The number of candidates results also reveal sizable differences between measures. The disparity between the total and effective number of candidates based on receipts reaches a height of 2.3 candidates in advantaged-party open-seat primaries (from 4.9 total to 2.6 effective candidates) and 1.5 candidates in parties-balanced open-seat primaries (from 3.6 total to 2.1 effective candidates), as shown in graph (c). In other words, the number of candidates decreases by nearly half in advantaged-party open seats and by 40% in parties-balanced open seats with the fundraising measure. Unweighted measures are often higher than weighted measures, but the difference between the effective number of candidate measures based on votes and receipts is largest in open-seat primaries as well, as shown in graph (d). The magnitude is smaller at 0.4 candidates, but it is substantively meaningful as the average effective number of candidates based on votes and receipts is 2.5 and 2.1 in open seats, respectively.
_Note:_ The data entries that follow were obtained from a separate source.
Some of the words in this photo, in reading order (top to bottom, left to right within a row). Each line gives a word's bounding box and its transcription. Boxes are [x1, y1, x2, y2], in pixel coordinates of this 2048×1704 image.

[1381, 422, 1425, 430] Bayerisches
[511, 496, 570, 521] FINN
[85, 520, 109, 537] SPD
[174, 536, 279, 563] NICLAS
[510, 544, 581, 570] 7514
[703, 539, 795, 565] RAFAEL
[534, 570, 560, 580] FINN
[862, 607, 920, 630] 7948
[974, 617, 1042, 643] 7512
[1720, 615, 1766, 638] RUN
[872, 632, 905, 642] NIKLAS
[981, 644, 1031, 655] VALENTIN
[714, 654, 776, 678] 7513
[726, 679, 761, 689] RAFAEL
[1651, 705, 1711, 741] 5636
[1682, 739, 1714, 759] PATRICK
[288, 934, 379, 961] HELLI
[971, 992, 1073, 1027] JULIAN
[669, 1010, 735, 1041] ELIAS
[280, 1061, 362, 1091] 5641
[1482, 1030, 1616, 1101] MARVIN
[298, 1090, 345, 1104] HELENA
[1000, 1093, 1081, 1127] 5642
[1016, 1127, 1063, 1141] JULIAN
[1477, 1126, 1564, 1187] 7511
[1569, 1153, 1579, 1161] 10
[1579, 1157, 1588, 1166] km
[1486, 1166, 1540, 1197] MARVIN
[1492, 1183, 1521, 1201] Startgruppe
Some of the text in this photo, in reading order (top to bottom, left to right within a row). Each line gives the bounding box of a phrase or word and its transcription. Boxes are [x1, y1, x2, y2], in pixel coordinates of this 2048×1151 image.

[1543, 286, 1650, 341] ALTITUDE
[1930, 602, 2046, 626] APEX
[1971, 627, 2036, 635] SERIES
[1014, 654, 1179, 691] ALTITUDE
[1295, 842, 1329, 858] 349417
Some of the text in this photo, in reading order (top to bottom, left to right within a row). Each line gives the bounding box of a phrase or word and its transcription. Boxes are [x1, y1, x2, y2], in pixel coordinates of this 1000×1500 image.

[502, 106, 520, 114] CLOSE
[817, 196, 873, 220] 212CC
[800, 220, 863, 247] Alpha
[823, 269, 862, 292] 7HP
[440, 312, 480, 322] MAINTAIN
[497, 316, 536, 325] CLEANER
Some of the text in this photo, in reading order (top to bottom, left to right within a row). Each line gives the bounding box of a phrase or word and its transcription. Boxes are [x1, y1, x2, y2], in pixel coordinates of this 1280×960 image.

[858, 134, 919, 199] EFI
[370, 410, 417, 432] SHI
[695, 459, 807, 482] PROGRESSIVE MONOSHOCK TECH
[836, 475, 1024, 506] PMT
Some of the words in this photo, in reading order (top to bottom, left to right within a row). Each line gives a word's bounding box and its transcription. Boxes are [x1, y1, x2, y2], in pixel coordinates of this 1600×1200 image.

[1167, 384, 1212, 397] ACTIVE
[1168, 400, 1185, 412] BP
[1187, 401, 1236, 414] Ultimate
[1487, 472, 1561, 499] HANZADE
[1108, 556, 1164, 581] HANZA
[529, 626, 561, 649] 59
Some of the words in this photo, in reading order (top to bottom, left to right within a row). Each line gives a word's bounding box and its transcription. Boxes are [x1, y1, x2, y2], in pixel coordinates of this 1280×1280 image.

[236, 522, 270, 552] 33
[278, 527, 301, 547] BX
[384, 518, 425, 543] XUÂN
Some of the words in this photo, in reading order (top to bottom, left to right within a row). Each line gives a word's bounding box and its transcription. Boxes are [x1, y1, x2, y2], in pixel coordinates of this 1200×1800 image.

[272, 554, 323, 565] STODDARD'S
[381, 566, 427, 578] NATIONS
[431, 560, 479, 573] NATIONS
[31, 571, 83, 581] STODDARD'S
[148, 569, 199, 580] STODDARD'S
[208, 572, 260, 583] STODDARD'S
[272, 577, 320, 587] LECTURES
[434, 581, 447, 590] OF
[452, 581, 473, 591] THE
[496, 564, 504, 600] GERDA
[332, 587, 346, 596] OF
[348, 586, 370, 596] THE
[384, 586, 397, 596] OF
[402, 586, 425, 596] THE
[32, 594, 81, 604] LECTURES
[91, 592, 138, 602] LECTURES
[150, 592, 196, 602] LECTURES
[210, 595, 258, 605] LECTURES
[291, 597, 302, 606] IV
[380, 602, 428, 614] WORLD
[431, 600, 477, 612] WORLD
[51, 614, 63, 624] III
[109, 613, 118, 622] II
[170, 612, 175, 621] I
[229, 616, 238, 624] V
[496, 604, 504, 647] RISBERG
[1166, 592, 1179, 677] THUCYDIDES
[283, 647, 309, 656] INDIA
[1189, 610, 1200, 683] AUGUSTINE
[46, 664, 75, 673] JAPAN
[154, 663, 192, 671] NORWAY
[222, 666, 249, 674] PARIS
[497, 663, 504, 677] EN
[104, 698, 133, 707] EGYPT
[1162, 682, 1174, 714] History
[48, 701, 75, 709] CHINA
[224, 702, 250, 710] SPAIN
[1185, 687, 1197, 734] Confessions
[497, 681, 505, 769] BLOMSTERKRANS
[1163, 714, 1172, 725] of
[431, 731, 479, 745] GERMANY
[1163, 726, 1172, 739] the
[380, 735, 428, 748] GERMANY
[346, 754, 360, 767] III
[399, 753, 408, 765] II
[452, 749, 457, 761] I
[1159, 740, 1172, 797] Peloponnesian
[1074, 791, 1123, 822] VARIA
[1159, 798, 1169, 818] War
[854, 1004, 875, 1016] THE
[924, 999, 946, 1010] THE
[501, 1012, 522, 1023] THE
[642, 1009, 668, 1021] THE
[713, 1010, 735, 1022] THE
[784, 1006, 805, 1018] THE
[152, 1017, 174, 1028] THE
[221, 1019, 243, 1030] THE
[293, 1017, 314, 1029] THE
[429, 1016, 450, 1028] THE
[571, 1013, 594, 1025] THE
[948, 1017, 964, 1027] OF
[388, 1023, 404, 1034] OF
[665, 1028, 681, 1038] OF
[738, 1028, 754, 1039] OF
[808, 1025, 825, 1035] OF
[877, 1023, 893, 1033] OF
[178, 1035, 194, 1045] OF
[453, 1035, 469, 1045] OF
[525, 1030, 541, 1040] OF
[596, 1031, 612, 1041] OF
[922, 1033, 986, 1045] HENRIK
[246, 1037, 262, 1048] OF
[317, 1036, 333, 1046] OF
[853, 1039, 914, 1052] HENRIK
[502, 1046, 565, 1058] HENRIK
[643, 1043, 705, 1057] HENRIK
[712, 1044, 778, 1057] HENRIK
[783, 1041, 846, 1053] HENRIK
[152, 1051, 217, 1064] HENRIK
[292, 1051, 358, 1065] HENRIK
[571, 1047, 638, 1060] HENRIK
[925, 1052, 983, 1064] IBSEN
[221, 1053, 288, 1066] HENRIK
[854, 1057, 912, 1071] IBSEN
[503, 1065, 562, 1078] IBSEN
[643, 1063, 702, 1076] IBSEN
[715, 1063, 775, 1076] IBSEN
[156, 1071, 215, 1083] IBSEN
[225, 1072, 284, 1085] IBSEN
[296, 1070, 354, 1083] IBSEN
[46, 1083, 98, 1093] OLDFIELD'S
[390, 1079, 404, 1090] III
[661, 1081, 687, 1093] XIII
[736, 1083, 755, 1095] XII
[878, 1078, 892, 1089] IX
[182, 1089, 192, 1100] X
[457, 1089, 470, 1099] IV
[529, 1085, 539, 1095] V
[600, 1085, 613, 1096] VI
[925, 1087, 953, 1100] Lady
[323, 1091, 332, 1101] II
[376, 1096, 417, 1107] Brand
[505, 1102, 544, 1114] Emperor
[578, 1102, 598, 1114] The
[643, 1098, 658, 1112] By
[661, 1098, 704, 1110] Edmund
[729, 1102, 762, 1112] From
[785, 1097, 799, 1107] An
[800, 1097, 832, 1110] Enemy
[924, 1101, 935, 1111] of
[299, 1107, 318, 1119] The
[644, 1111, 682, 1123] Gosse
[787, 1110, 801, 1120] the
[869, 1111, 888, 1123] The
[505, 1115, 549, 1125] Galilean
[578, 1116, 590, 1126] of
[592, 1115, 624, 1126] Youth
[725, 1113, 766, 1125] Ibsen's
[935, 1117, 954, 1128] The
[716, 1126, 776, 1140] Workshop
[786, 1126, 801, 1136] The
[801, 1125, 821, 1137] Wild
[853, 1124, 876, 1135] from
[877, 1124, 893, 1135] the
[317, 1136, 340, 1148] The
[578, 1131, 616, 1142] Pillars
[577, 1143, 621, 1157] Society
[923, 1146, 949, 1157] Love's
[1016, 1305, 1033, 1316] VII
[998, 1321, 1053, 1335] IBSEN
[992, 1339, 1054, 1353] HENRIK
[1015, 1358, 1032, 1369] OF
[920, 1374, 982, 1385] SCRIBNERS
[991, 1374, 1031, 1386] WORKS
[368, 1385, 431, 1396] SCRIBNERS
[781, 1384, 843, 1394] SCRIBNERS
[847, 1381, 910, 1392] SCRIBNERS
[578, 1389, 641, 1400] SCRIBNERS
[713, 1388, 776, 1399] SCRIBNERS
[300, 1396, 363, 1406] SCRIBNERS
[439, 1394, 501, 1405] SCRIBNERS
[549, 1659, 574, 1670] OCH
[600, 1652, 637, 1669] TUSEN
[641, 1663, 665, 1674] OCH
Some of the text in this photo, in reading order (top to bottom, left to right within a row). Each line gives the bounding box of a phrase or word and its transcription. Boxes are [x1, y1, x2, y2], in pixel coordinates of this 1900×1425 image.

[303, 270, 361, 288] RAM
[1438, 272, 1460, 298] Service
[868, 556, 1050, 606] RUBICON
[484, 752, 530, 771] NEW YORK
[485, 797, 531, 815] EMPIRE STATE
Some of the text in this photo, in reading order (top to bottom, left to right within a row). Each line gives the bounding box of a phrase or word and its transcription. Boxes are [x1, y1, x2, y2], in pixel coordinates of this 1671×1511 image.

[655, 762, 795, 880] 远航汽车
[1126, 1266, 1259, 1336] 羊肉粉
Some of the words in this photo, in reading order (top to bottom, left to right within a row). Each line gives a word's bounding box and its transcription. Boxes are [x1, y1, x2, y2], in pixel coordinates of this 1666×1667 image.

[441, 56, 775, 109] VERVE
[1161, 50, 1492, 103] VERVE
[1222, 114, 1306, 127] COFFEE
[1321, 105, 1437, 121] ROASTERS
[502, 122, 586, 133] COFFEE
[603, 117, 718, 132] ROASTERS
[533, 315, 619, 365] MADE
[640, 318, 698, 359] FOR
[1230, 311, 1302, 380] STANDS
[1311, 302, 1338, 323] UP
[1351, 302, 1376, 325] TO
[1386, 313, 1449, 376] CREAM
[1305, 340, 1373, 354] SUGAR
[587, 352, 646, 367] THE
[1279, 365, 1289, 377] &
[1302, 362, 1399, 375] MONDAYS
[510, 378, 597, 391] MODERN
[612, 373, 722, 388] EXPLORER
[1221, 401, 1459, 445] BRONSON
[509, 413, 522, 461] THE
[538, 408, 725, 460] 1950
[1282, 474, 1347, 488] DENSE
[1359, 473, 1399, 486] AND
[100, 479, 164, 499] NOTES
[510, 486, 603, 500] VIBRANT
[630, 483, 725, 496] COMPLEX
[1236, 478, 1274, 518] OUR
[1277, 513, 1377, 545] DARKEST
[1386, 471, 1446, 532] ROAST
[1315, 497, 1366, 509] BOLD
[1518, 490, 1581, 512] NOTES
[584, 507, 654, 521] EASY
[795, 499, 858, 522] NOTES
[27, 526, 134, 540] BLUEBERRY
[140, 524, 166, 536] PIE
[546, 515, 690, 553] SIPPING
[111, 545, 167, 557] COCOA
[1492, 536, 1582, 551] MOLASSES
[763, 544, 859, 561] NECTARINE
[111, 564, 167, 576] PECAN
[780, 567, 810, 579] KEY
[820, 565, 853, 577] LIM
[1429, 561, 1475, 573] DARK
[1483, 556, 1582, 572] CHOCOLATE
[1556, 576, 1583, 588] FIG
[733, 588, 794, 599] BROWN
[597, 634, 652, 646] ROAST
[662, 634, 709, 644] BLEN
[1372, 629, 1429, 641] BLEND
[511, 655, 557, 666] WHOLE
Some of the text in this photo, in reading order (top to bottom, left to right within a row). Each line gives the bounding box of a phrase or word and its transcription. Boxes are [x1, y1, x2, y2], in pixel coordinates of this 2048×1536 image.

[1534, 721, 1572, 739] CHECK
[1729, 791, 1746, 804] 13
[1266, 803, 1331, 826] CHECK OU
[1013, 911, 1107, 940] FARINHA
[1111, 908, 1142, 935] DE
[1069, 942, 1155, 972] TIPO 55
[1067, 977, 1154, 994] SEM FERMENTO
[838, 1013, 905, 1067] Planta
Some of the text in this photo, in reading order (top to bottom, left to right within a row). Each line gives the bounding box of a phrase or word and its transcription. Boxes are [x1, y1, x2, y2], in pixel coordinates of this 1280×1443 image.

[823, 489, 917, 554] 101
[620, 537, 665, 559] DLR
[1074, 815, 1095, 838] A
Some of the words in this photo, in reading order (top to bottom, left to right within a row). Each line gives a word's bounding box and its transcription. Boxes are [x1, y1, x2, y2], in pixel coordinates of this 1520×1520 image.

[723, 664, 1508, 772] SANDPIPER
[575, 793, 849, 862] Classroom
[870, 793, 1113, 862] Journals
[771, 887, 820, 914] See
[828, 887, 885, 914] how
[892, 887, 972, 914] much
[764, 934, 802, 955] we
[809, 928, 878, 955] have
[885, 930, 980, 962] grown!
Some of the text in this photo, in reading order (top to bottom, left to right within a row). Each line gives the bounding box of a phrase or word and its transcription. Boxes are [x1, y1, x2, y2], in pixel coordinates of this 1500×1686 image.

These two measures of competition—the top vote-getter’s or top fundraiser’s advantage and the number of candidates—do not have quite the same implications for democracy. Races where resources are heavily skewed are more clearly worrisome. By comparison, additional candidates do not necessarily improve competition, but there is a strong association between the effective number of candidates and electoral margins. In safe open-seat primaries, the average vote margin between the top two vote-getters in primaries with fewer than 2.6 effective candidates is 39 points, versus 12 points in primaries with more. In opposed incumbent-contested races, the average victory margin in primaries with fewer than the mean of 1.3 effective candidates is 60 points, versus 30 points in primaries with more. Incumbents rarely lose, but the percentage of incumbents who win drops from 99.5% in opposed primaries with fewer than 1.3 effective candidates to 91.8% in primaries with more. In primaries with at least two effective candidates, incumbent victory rates decrease to 86.2%. In short, these measures are collectively tapping into viability and vulnerability.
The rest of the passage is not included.